Diese Mängel sind nicht geeignet die Vorzüge der Abhandlung zu verdunkeln. Es spricht zu uns ein ernster und erfahrener und um die Wissenschaft sehr verdienter Arzt, der uns ausdrücklich versichert (s. o.) nicht provoziren zu wollen und der gewiss keinen Gefallen daran findet, auf einem besonders extremen Standpunkt zu stehen. Er erblickt in der „Vermännlichung“ des weiblichen Gehirns ein Unglück für die Gesundheit und die Fortentwicklung des Volkes, und seine eindringliche Warnung muss uns zu ernstem Nachdenken anregen. Gerade an uns Aerzte richtet Möbius den Appell im Interesse des menschlichen Geschlechtes, hier zu rathen und zu warnen.

Freund (Breslau).


f) Frankfurter Schulzeitung, Frankfurt a. M., 1. November 1902.

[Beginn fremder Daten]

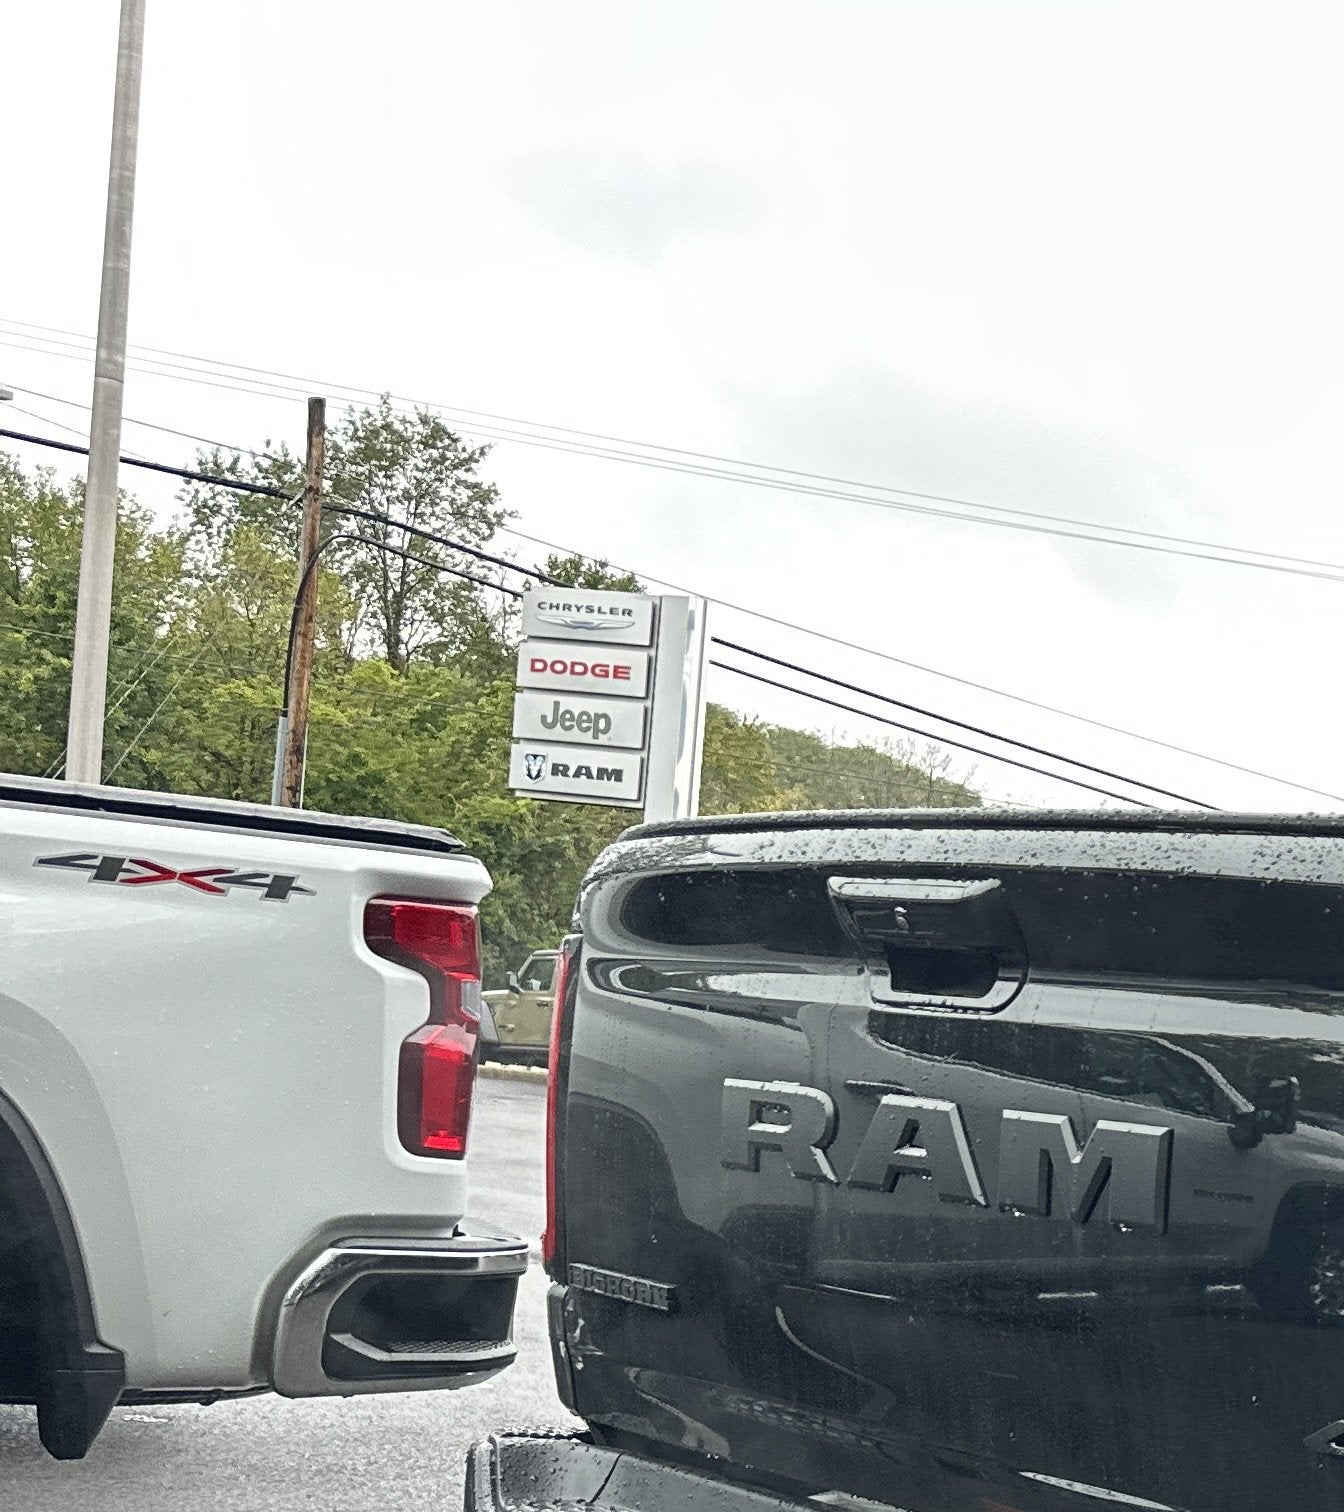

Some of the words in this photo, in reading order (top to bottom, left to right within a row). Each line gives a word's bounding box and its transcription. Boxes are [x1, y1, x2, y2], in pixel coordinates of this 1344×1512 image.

Unter „physiologischem Schwachsinn“ versteht M., der bekannte Leipziger Nervenarzt, die geistige Inferiorität einer Menschengruppe im Vergleiche mit anderen Gruppen. Er sucht nachzuweisen, dass ebenso, wie das weibliche Gehirn kleiner und einfacher als das männliche ist, auch der weibliche Geist unter dem männlichen steht und dass die Natur aus höheren Absichten dem Weibe die Geisteskraft des Mannes versagt hat. Weil das Kind jahrelang in hohem Grade hilfsbedürftig bleibt, musste der Unterschied zwischen den Geschlechtern beim Menschen viel grösser sein, als bei den oberen Tieren. Das Weib soll vor allem Mutter sein, es war aber unmöglich, energische Gehirnthätigkeit und vollausgebildete Mutterfähigkeiten in einem Individuum zu vereinigen. Diese werden geschädigt, sobald das Gehirn zu männlichen Leistungen getrieben wird.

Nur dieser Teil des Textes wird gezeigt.